Ma voix tremble sur ces derniers mots alors que le regard de Silas est toujours planté dans le mien. Il n'a pas bougé et j'aimerais savoir ce qu'il pense à cet instant. Ou du moins ce qu'il réalise. Il comprends peut-être enfin qu'ils n'auraient jamais dû venir me chercher. Que c'est même la pire idée qu'ils aient eu. Dans la base dix, j'étais inoffensif. Je pouvais tuer les gardiennes mais qu'est-ce que ça pouvait leur faire? Comme l'a dit Gwendoline le jour de mon départ, ils nous tuent aussi en nous laissant mourir.

J'ai besoin de sortir du dôme. J'ai besoin d'aller prendre une douche et de prétendre me calmer au moins le temps de quelques minutes avant que les pensées reviennent en bordel dans ma tête. J'ai besoin de sortir avant de trop en dire. Et si Silas en parlait à Adelaide? Et s'ils comprenaient enfin l'erreur qu'ils ont fait en venant me chercher? Après tout, on nous a pas encore présenté aux autres bases. Ça serait simple de m'effacer. De faire comme si je n'avais pas existé . Qu'est-ce qu'ils seraient capable de faire? M'emprisonner? Me tuer? Me renvoyer à la base dix? Non, ils ne le feraient jamais. Ils ne prendraient pas le risque de me laisser divulguer ce que je sais de la sous-base, du projet, même si j'ai l'impression de ne rien savoir. Me tuer alors? Ils en seraient capables? Après tout, Esha m'a dit de ne pas leur faire confiance. Mais s'ils en sont capable, plus personne ne sera là pour penser à Gwendoline, Ismael et Esha.

Je déglutis difficilement et fais quelques pas en arrière pour m'éloigner de Silas qui n'a toujours rien répondu. Je décide de ne pas lui en laisser l'occasion lorsque je lui lance, comme si mes nerfs ne venaient pas de lâcher:

« A demain.
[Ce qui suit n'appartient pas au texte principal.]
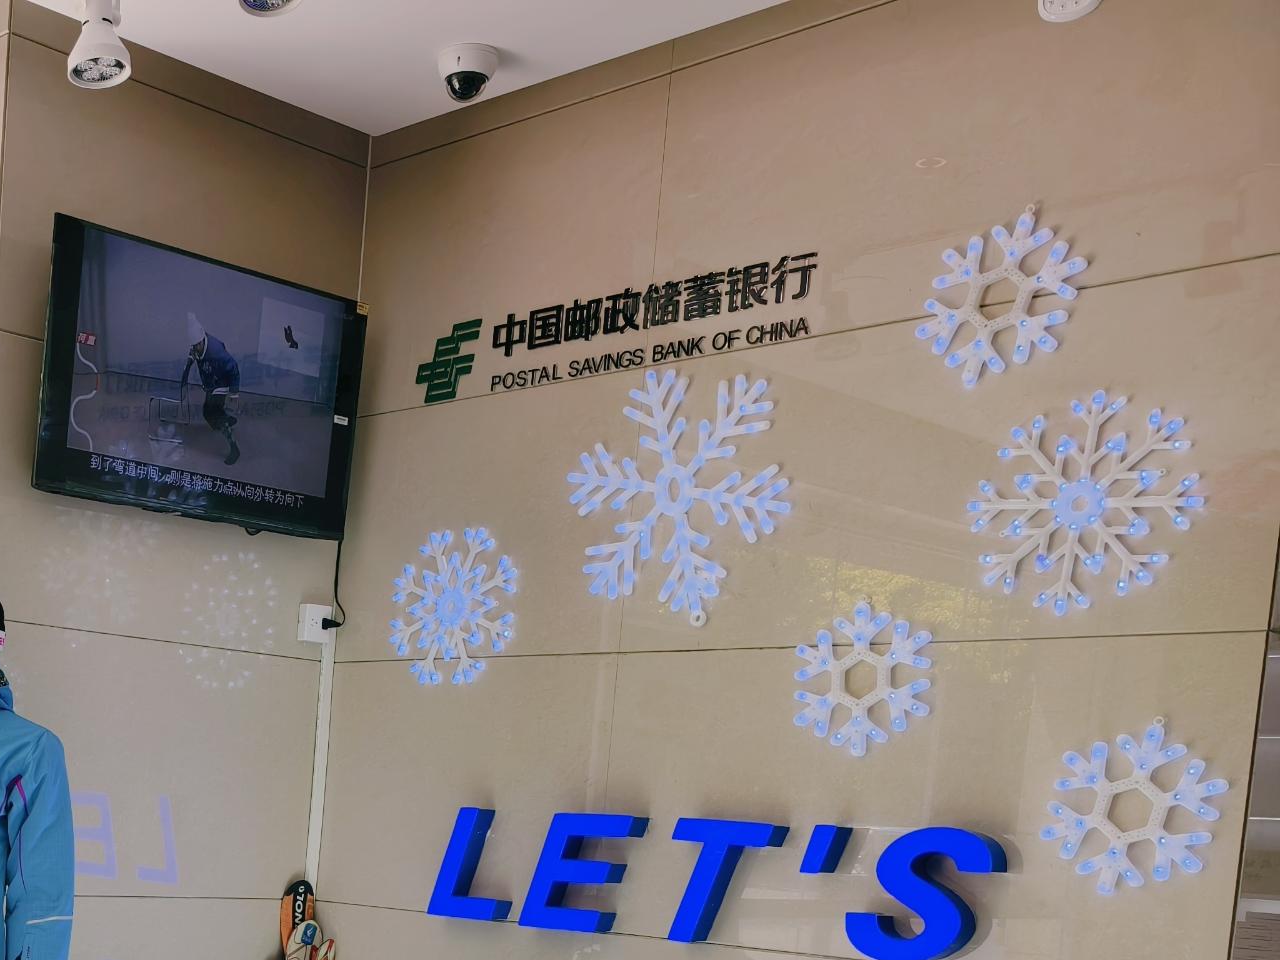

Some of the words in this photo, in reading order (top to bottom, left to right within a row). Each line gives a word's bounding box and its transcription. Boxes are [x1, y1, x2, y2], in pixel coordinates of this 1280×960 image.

J'imagine que j'ai encore besoin de m'entrainer. »

(Running Up That Hill (Orchestra Version)_Samuel Kim)

Comme je l'imaginais, la douche a su mettre sur pause mes pensées mais n'a pas comblé ce creux dans ma poitrine pour autant. Et je ne suis pas sûr qu'il puisse être comblé en jour. Après ce moment dans le dôme, je me sens épuisé. Je suis en colère, mais je n'ai plus la force de le montrer. Je suis triste, mais je n'ai pas la force de pleurer. La douleur et la haine coulent dans mes veines, se confondant complètement avec mon sang. C'est à se demander qui est là depuis le plus de temps.

Parfois, j'aimerais ressentir autre chose. Ne serais-ce que le temps de quelques secondes. Je me demande ce que ça fait, que de vivre sans ressentir tout ça à chacun de nos souffles. Je me demande si on a l'impression d'être plus léger. Si les sourires se font plus nombreux, plus instinctifs. Parce que j'ai l'impression de trahir Gwendoline et Ismael à chaque fois que je souris ici. Et je me sens lâche rien qu'à l'idée de ne vouloir plus rien ressentir. Parce que c'est cette douleur qui me rappelle pourquoi je suis autant en colère. Et je me dois de ne pas l'oublier. Oublier cette douleur, cette haine, ça serait oublier Gwendoline, Ismael, Esha, les enfants et l'orphelinat.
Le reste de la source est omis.